Noun: A person with whom one shares a secret or private matter, trusting them not to repeat it.

Once trust has been broken, it’s hard to trust again. In anyone, really. With the amount of break-ups and broken homes, hearts and promises I hear about (through counselling and otherwise) honesty and truth seem to be ancient talismans. Lost in the sands of time.

Luckily, I have someone I can confide in, primarily because she is legally bound to secrecy. She is someone who I met in troubled times and have kept relations with for… maintenance purposes. To this day, I can send her a text and she’ll call me in or text me through my darkest thoughts. Usually, it’s tough love, never is it coddling or comforting. She calls me out on my sh!t and I appreciate her for making me a better person– a better me.

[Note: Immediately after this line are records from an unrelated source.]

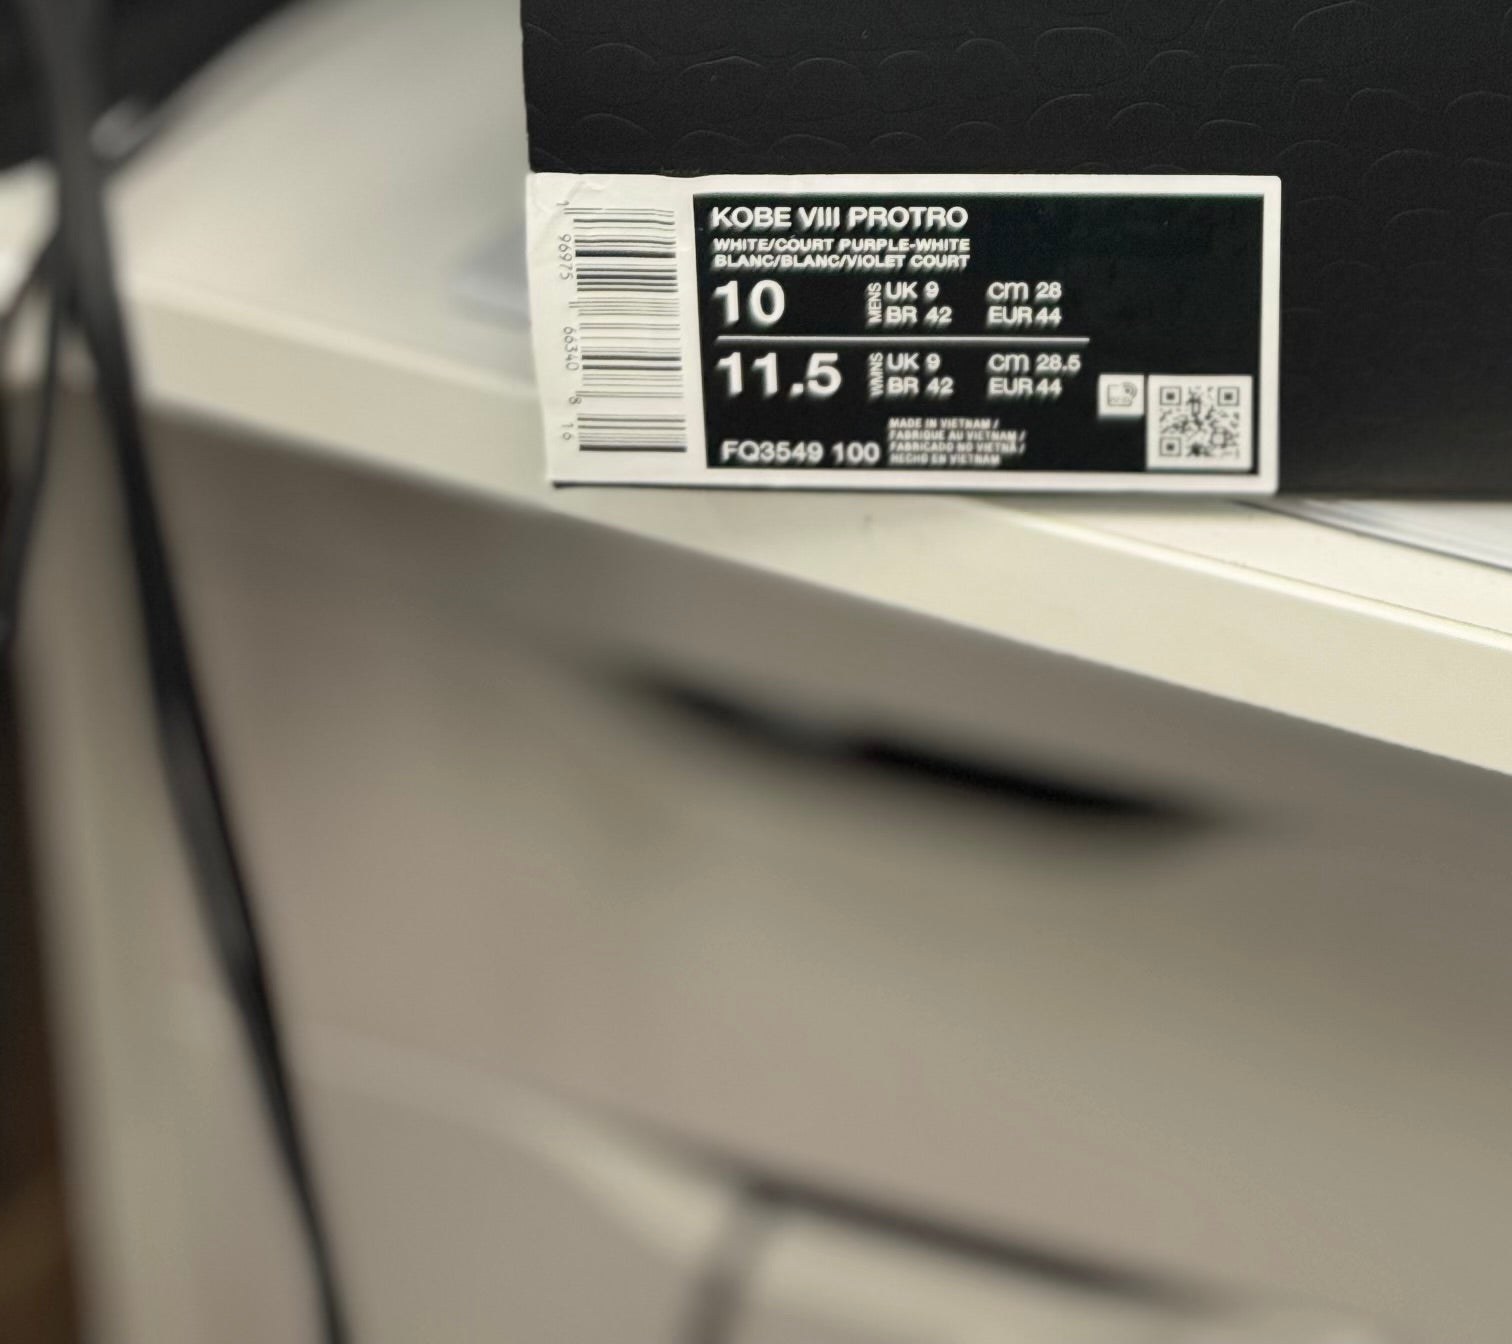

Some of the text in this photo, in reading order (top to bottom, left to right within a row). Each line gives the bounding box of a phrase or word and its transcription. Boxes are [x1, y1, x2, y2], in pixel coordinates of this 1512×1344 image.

[711, 206, 969, 229] KOBE VIII PROTRO
[713, 237, 971, 253] WHITE/COURT PURPLE-WHITE
[557, 233, 574, 281] 96975
[713, 254, 971, 269] BLANC/BLANC/VIOLET COURT
[884, 280, 940, 300] UK 9
[1034, 281, 1063, 300] 28
[713, 278, 786, 327] 10
[866, 281, 882, 324] MENS
[885, 305, 953, 325] BR 42
[988, 305, 1063, 326] EUR 44
[886, 352, 941, 371] UK 9
[1035, 353, 1082, 372] 28.5
[715, 351, 843, 399] 11.5
[887, 376, 954, 395] BR 42
[988, 376, 1063, 396] EUR 44
[888, 417, 923, 430] MADE
[924, 417, 938, 430] IN
[939, 417, 992, 430] VIETNAM
[720, 439, 882, 464] FQ3549 100

Counsellors need counselling too, sometimes. A safe space to vent. I’m often asked how I prevent bringing in my personal “stuff” into sessions with clients, well, it’s because of her. She understands and though I know there are times where she thinks my understanding is limited or restricted, she offers her experience. She doesn’t write me off, condemn me, or assume some lack of credibility. She understands that I am, that we all are (at least those interested in growing), “works in progress.”

It’s a safe zone.

This is something I do bring into sessions with me. Having been on the “other side of the chair,” I can understand and appreciate the importance and value of feeling safe and not feeling judged. When one of my clients said, “I feel like I’m going to overwhelm you and you’re going to run away…” I began to understand. The matter isn’t about not having someone to talk to– it’s about feeling safe enough to talk to someone. It’s a legitimate fear, but
counsellors are there for you to unload on– guilt free.

The first step is challenging, but it’s so incredibly liberating. The stigmas surrounding counselling and seeking “help” need to go. It’s taking lives. Don’t let it take yours or someone you love.